El pueblo descubre, más tarde o temprano, la creciente distancia que existe en algunos entre el discurso repleto de adjetivos, de los gestos soportados en abrazos, de los actos pendientes de los votos y no de mejorar la realidad.
Metodio se estaba descubriendo cada minuto, y con los datos en la mano y la verdad de sus hechos, demostraba que era un mentiroso, que solo le importaban sus intereses, para cuyo cumplimiento estaba dispuesto a ofrecer la cabeza de cualquiera de sus colaboradores, a los que maltrataba psicológicamente.
Su historia era pura propaganda, ya que donde se pregonaban claridades y transparencias, solo había oscuridades y secretos. Sus manías de grandeza ocultaban una personalidad acomplejada, que constantemente necesitaba mirarse al espejo y decirse simulando a la madrastra de Blancanieves, “espejito, espejito ¿quién es el más poderoso del lugar? Y se repetía una y otra vez, “aquí mando yo”
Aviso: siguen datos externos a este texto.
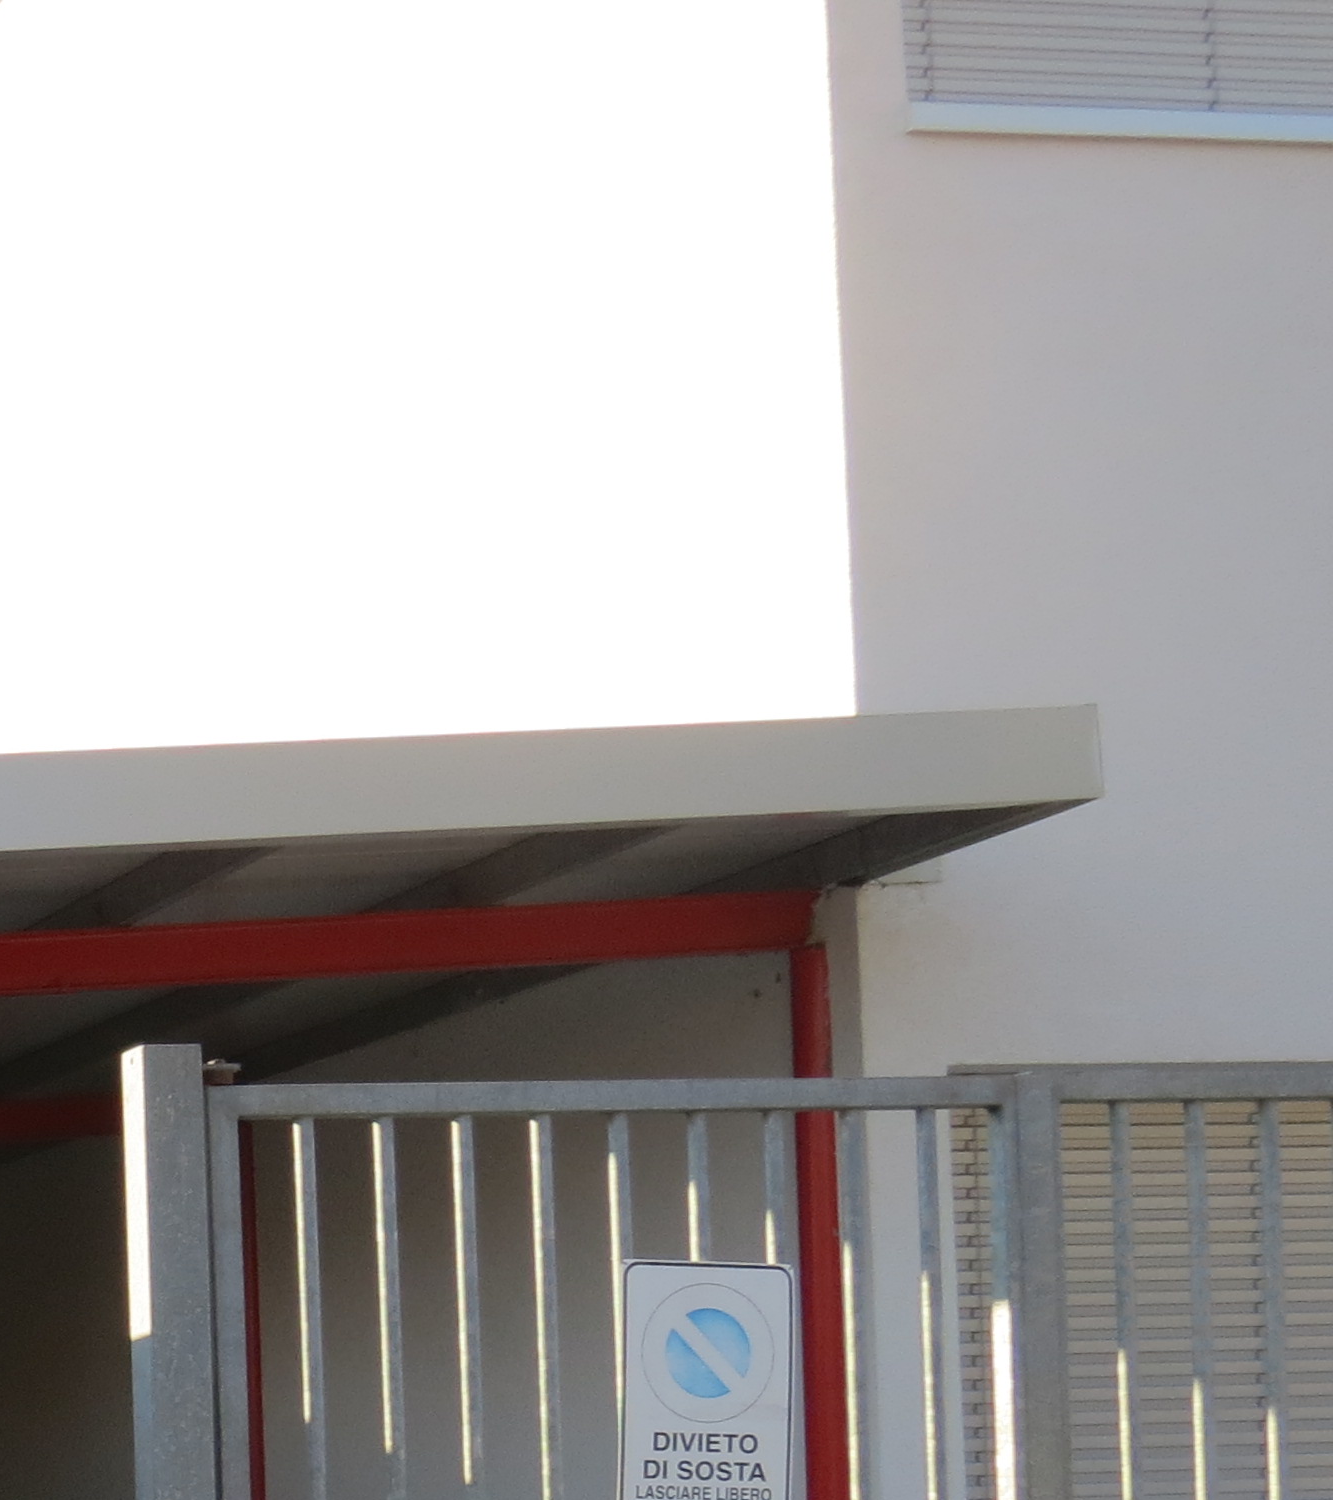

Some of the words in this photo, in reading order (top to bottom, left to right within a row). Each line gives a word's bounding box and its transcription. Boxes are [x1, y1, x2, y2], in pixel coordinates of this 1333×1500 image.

Nadie, salvo aquel humilde articulista, se atrevía a llevarle la contraria. Todos le obedecían, aunque quisieran que se marchara y el milagro que algún día cambiara parecía una misión imposible. Entre previsiones y perversiones, era un líder sin proyecto, que no despertaba confianza ni sembraba el camino de esperanzas.
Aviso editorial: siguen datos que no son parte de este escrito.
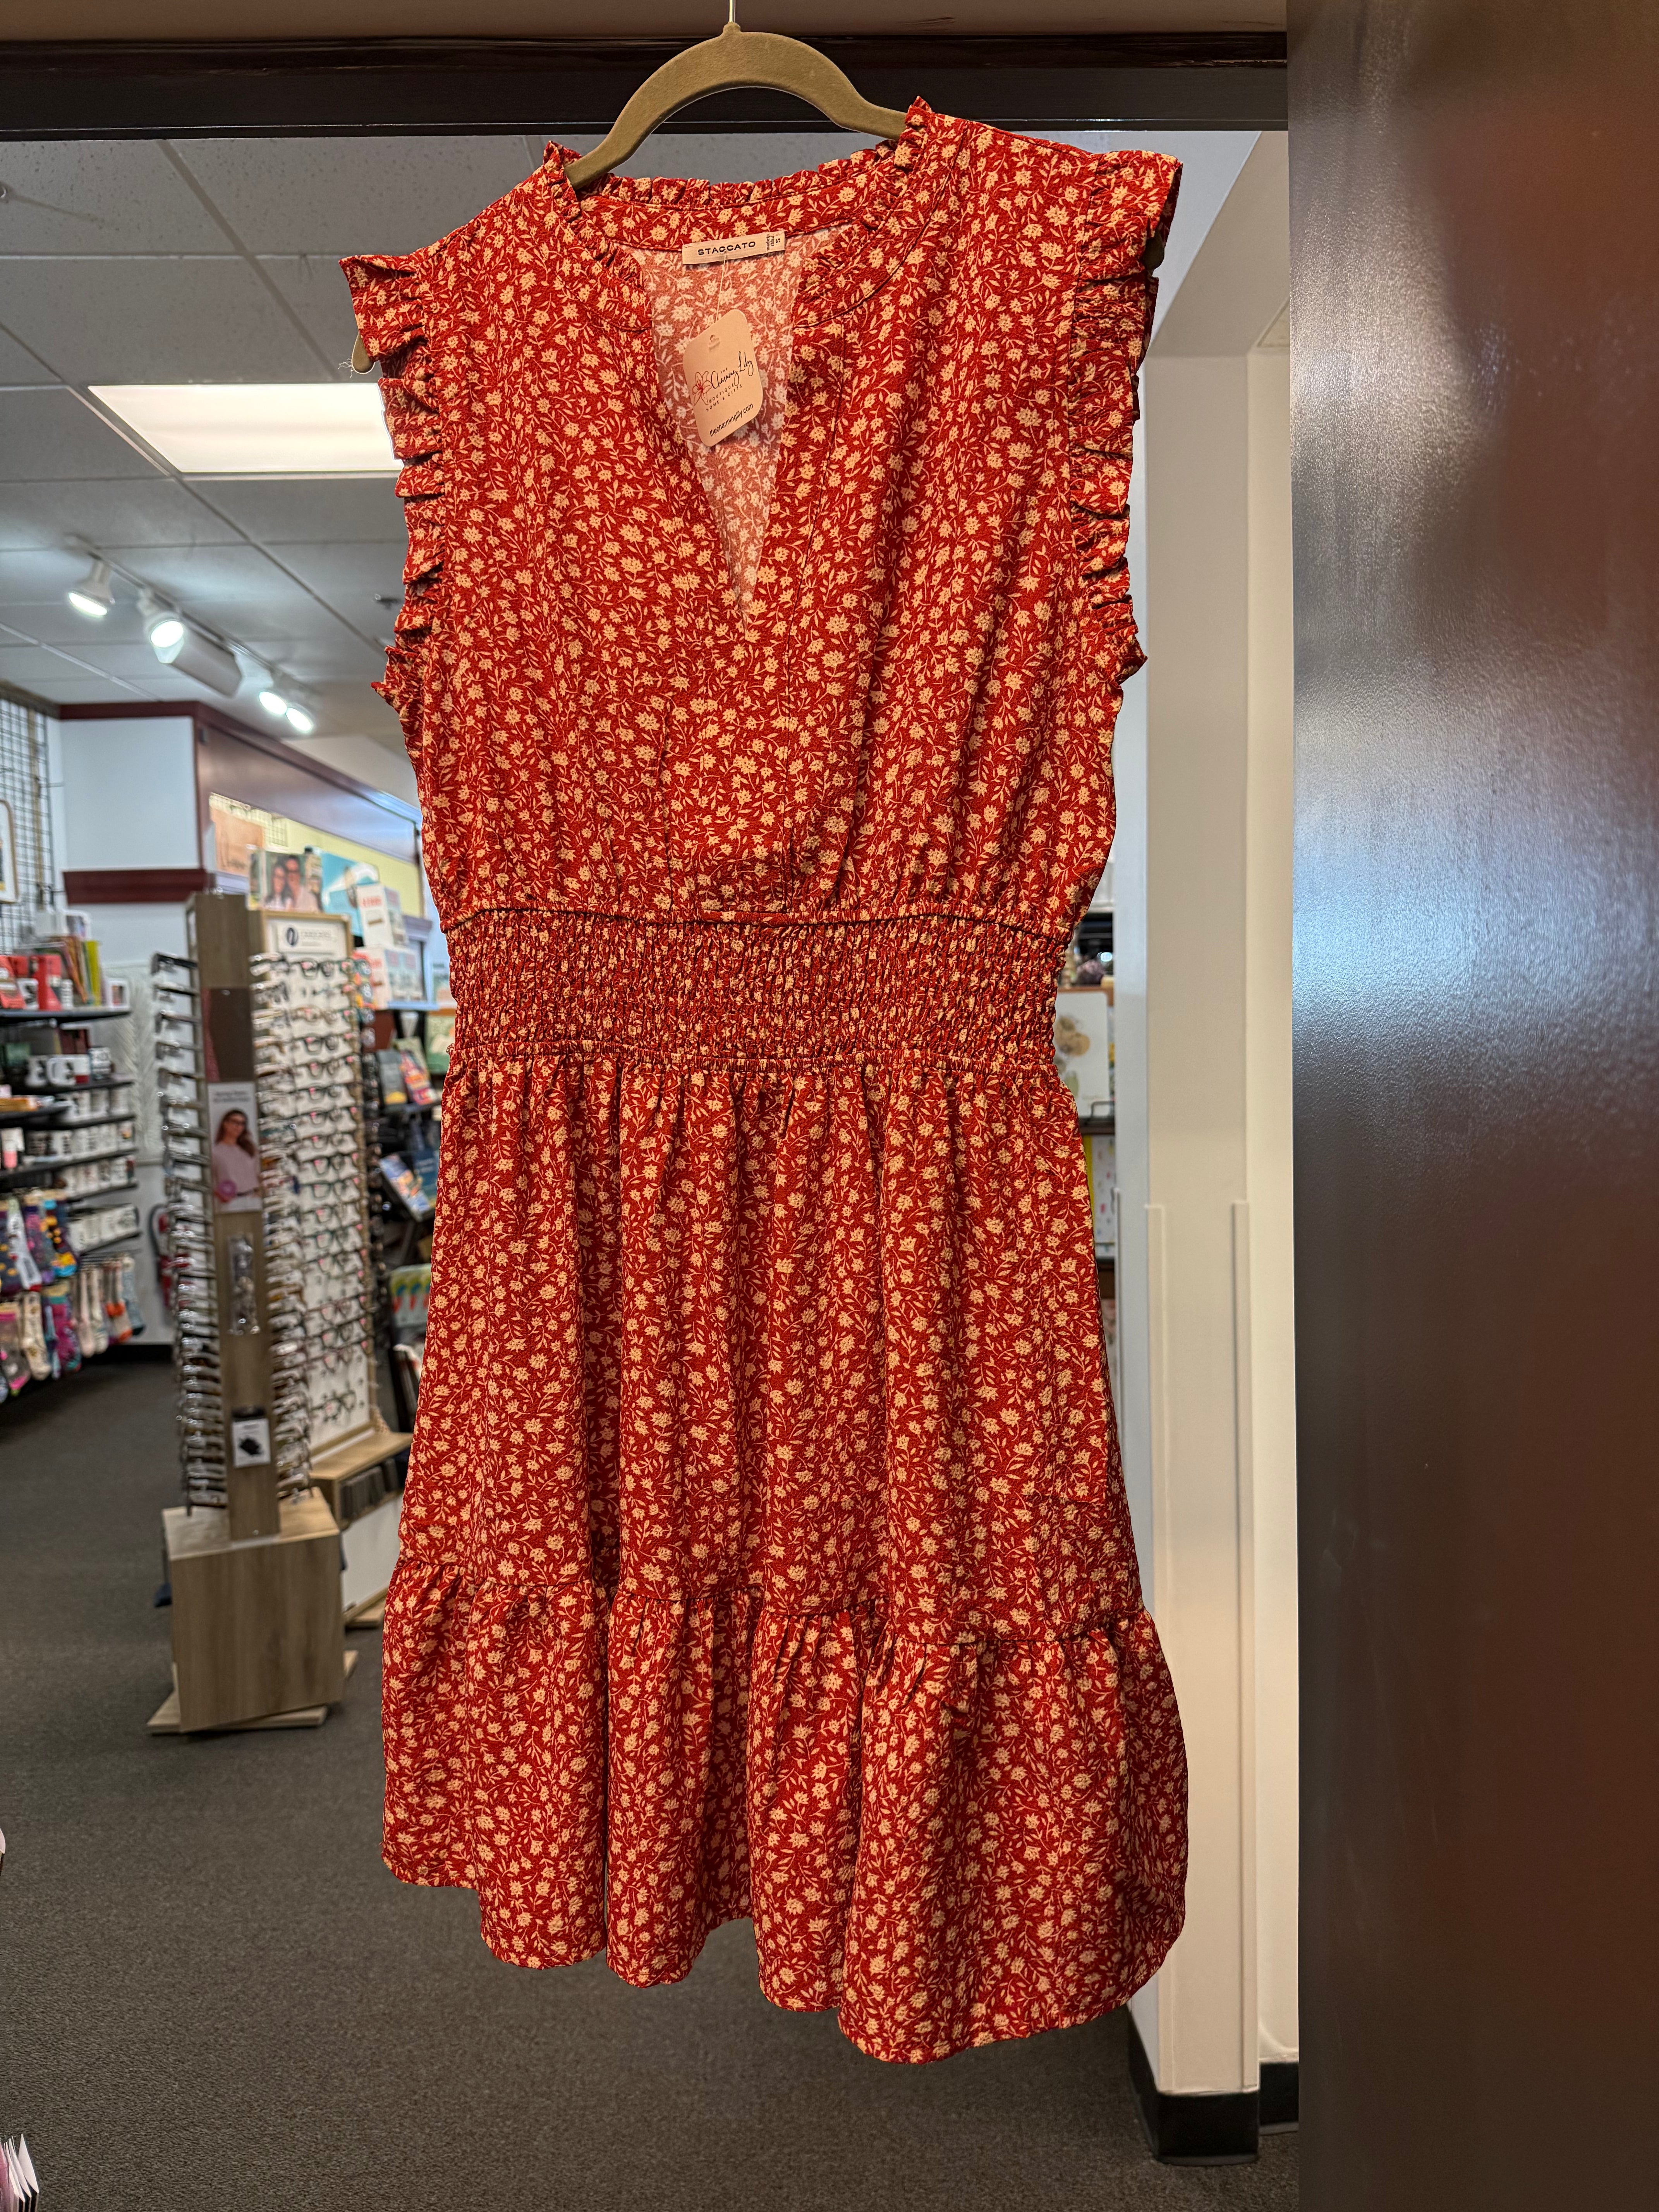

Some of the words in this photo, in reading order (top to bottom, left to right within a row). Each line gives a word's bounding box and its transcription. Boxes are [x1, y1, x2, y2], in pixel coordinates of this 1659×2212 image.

[698, 241, 756, 255] STACCATO
[738, 351, 754, 376] Lily
[706, 400, 719, 412] HOME
[728, 384, 742, 397] GIFTS
[709, 383, 734, 403] BOUTIQUE
[709, 403, 754, 437] thecharminglily.com
Debía poner límites a sus delirios de grandeza, que le hacían estar casi siempre fuera de la realidad, dando la impresión que se despertaba al dormirse o se dormía al despertarse. No podía dejar que la bola siguiera creciendo, tenía que poner fin a aquella locura, y estaba dispuesto a comenzar una nueva vida en la que borrara los malos tragos que había hecho pasar a los demás, y se dispusiera a arrancar sonrisas a todo con el que se cruzara. En el fondo, como todo mortal, encerraba una buena persona.